* _Assignment_:
These records are to be written out exactly as they read, minus the pictures.

(Task input)

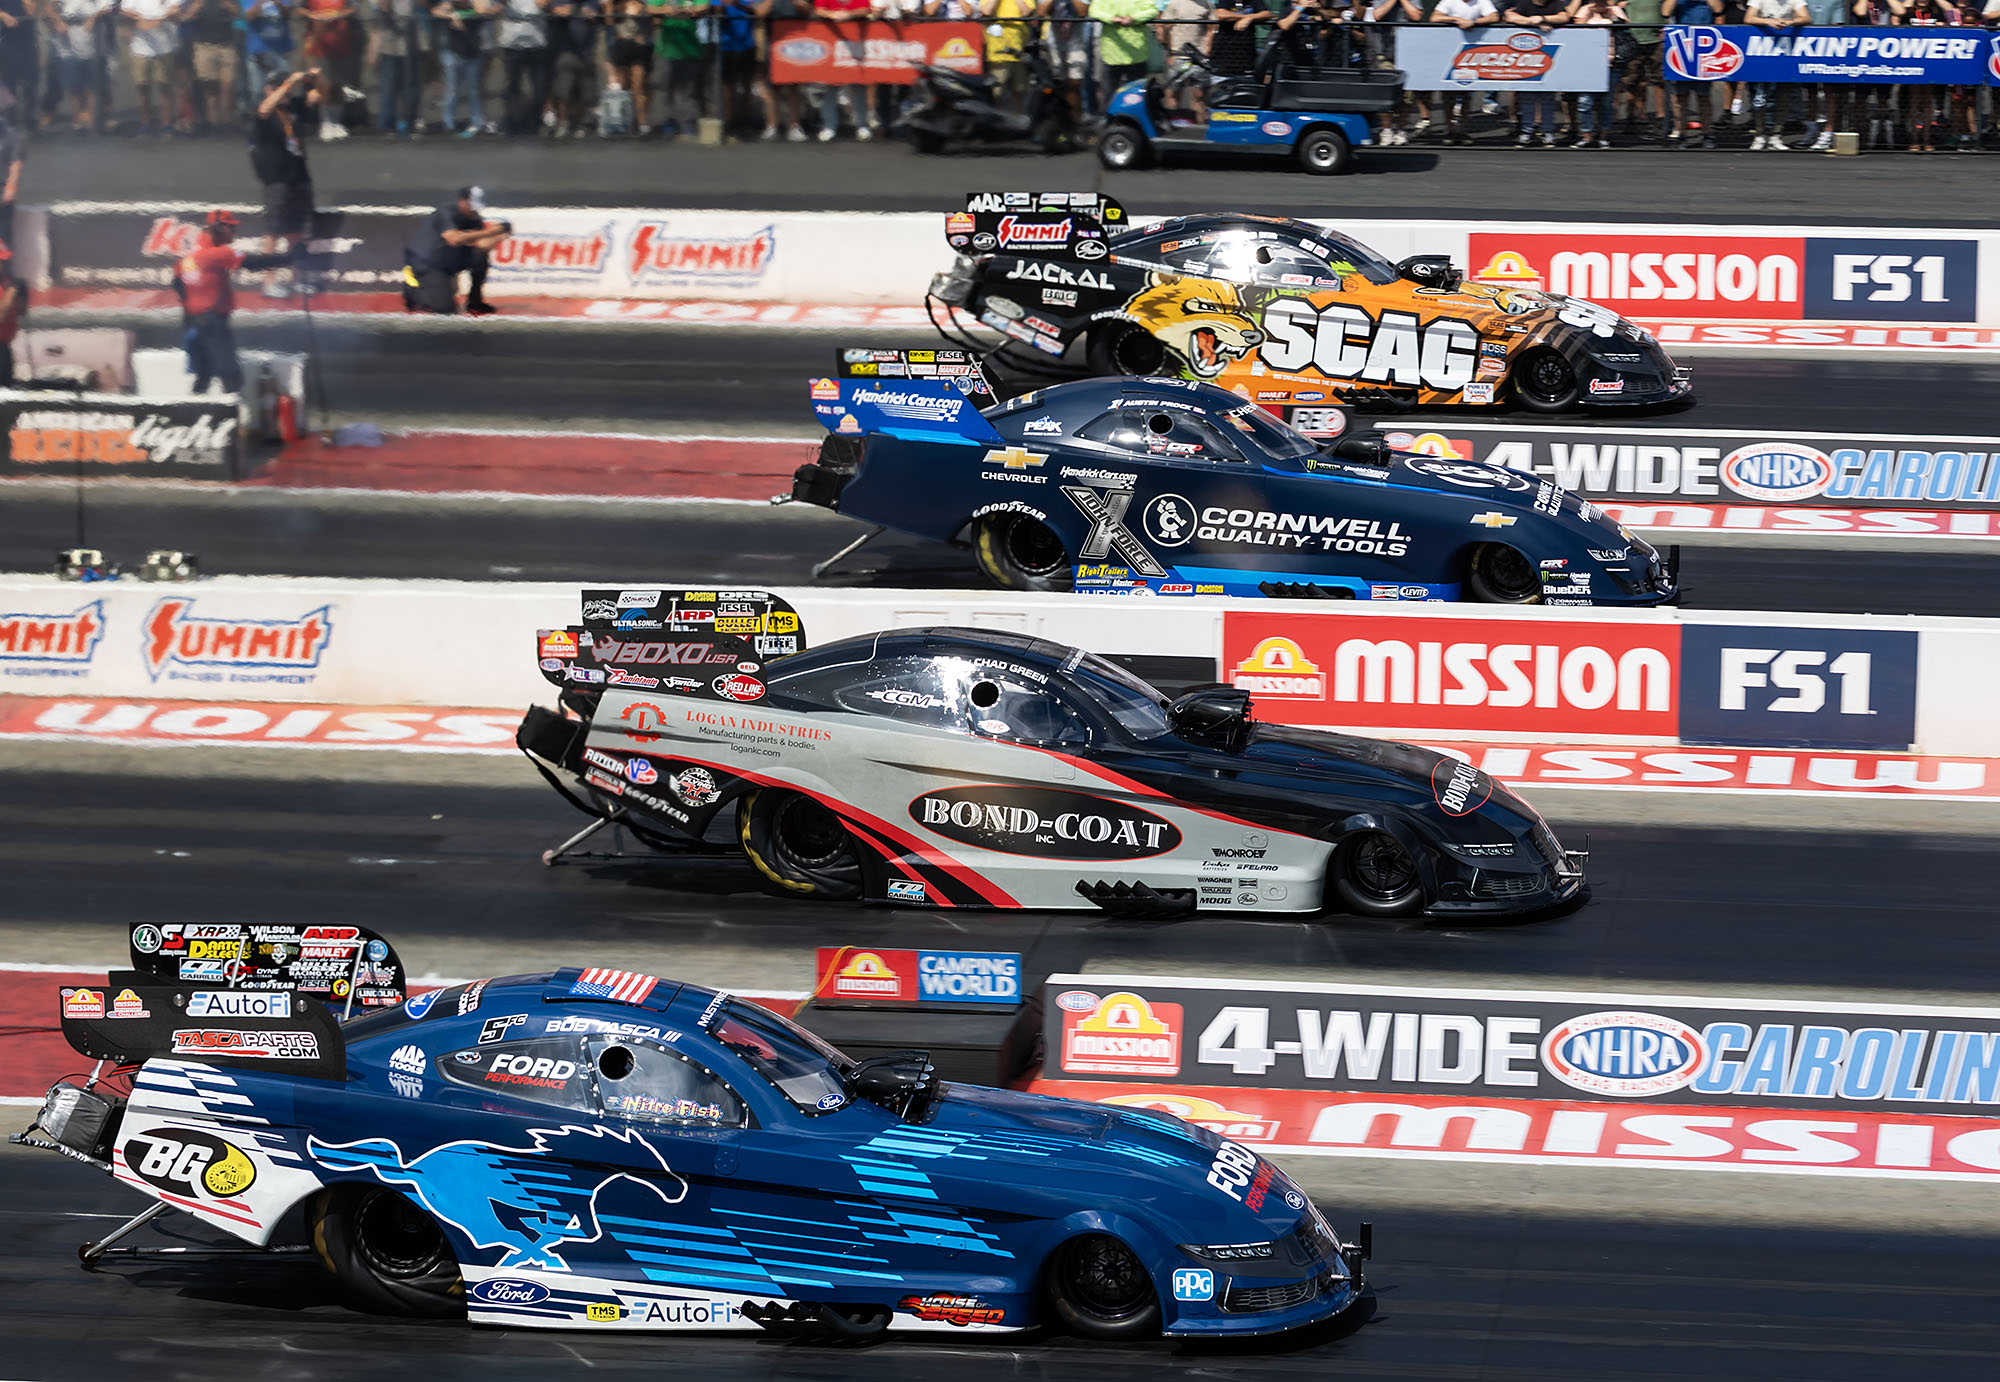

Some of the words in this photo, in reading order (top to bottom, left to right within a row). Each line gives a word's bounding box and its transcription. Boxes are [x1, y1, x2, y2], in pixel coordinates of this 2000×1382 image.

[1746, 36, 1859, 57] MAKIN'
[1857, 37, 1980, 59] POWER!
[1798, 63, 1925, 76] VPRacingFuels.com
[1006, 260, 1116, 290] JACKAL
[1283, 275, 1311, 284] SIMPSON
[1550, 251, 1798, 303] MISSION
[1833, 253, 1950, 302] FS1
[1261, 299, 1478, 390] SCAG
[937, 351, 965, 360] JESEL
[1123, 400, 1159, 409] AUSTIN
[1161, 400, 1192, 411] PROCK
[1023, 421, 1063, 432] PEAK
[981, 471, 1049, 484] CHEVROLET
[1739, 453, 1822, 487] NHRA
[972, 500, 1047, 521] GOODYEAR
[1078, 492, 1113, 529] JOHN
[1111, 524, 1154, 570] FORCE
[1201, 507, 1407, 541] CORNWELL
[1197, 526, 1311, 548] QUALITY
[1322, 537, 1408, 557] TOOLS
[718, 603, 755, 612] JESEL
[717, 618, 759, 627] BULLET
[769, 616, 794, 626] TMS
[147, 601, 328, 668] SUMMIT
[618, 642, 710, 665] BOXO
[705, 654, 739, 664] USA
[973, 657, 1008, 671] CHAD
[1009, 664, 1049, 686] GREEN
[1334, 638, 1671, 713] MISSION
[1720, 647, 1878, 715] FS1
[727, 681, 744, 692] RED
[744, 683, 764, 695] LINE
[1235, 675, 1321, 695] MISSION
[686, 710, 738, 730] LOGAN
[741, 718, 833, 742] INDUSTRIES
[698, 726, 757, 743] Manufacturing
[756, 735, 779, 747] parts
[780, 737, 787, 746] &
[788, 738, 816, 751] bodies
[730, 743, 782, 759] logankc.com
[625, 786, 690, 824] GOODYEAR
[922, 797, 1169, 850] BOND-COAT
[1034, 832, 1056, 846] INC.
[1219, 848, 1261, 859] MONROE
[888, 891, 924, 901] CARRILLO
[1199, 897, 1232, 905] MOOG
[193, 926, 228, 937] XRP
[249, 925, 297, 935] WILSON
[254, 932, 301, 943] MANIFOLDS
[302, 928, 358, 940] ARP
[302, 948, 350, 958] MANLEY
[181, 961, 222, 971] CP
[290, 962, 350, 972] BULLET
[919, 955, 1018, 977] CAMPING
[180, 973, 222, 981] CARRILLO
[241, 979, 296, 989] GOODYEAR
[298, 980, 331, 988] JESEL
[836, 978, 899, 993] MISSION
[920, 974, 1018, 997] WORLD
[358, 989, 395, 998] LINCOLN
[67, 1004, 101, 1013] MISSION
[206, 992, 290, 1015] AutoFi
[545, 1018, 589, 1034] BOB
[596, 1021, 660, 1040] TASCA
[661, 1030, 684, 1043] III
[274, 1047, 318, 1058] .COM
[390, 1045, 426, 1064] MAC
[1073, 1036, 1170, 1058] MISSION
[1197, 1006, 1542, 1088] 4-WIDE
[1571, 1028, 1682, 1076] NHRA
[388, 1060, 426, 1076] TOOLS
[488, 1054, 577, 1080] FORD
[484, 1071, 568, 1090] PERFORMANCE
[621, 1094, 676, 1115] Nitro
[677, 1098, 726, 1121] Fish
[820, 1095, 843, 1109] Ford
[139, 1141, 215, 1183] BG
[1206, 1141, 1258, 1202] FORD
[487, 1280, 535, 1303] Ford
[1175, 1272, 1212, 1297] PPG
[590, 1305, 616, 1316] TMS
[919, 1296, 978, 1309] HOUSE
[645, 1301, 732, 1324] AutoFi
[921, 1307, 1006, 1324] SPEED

(End Task input)

* _Final answer_:
Some of the words in this photo, in reading order (top to bottom, left to right within a row). Each line gives a word's bounding box and its transcription. Boxes are [x1, y1, x2, y2], in pixel coordinates of this 2000×1382 image.

[1746, 36, 1859, 57] MAKIN'
[1857, 37, 1980, 59] POWER!
[1798, 63, 1925, 76] VPRacingFuels.com
[1006, 260, 1116, 290] JACKAL
[1283, 275, 1311, 284] SIMPSON
[1550, 251, 1798, 303] MISSION
[1833, 253, 1950, 302] FS1
[1261, 299, 1478, 390] SCAG
[937, 351, 965, 360] JESEL
[1123, 400, 1159, 409] AUSTIN
[1161, 400, 1192, 411] PROCK
[1023, 421, 1063, 432] PEAK
[981, 471, 1049, 484] CHEVROLET
[1739, 453, 1822, 487] NHRA
[972, 500, 1047, 521] GOODYEAR
[1078, 492, 1113, 529] JOHN
[1111, 524, 1154, 570] FORCE
[1201, 507, 1407, 541] CORNWELL
[1197, 526, 1311, 548] QUALITY
[1322, 537, 1408, 557] TOOLS
[718, 603, 755, 612] JESEL
[717, 618, 759, 627] BULLET
[769, 616, 794, 626] TMS
[147, 601, 328, 668] SUMMIT
[618, 642, 710, 665] BOXO
[705, 654, 739, 664] USA
[973, 657, 1008, 671] CHAD
[1009, 664, 1049, 686] GREEN
[1334, 638, 1671, 713] MISSION
[1720, 647, 1878, 715] FS1
[727, 681, 744, 692] RED
[744, 683, 764, 695] LINE
[1235, 675, 1321, 695] MISSION
[686, 710, 738, 730] LOGAN
[741, 718, 833, 742] INDUSTRIES
[698, 726, 757, 743] Manufacturing
[756, 735, 779, 747] parts
[780, 737, 787, 746] &
[788, 738, 816, 751] bodies
[730, 743, 782, 759] logankc.com
[625, 786, 690, 824] GOODYEAR
[922, 797, 1169, 850] BOND-COAT
[1034, 832, 1056, 846] INC.
[1219, 848, 1261, 859] MONROE
[888, 891, 924, 901] CARRILLO
[1199, 897, 1232, 905] MOOG
[193, 926, 228, 937] XRP
[249, 925, 297, 935] WILSON
[254, 932, 301, 943] MANIFOLDS
[302, 928, 358, 940] ARP
[302, 948, 350, 958] MANLEY
[181, 961, 222, 971] CP
[290, 962, 350, 972] BULLET
[919, 955, 1018, 977] CAMPING
[180, 973, 222, 981] CARRILLO
[241, 979, 296, 989] GOODYEAR
[298, 980, 331, 988] JESEL
[836, 978, 899, 993] MISSION
[920, 974, 1018, 997] WORLD
[358, 989, 395, 998] LINCOLN
[67, 1004, 101, 1013] MISSION
[206, 992, 290, 1015] AutoFi
[545, 1018, 589, 1034] BOB
[596, 1021, 660, 1040] TASCA
[661, 1030, 684, 1043] III
[274, 1047, 318, 1058] .COM
[390, 1045, 426, 1064] MAC
[1073, 1036, 1170, 1058] MISSION
[1197, 1006, 1542, 1088] 4-WIDE
[1571, 1028, 1682, 1076] NHRA
[388, 1060, 426, 1076] TOOLS
[488, 1054, 577, 1080] FORD
[484, 1071, 568, 1090] PERFORMANCE
[621, 1094, 676, 1115] Nitro
[677, 1098, 726, 1121] Fish
[820, 1095, 843, 1109] Ford
[139, 1141, 215, 1183] BG
[1206, 1141, 1258, 1202] FORD
[487, 1280, 535, 1303] Ford
[1175, 1272, 1212, 1297] PPG
[590, 1305, 616, 1316] TMS
[919, 1296, 978, 1309] HOUSE
[645, 1301, 732, 1324] AutoFi
[921, 1307, 1006, 1324] SPEED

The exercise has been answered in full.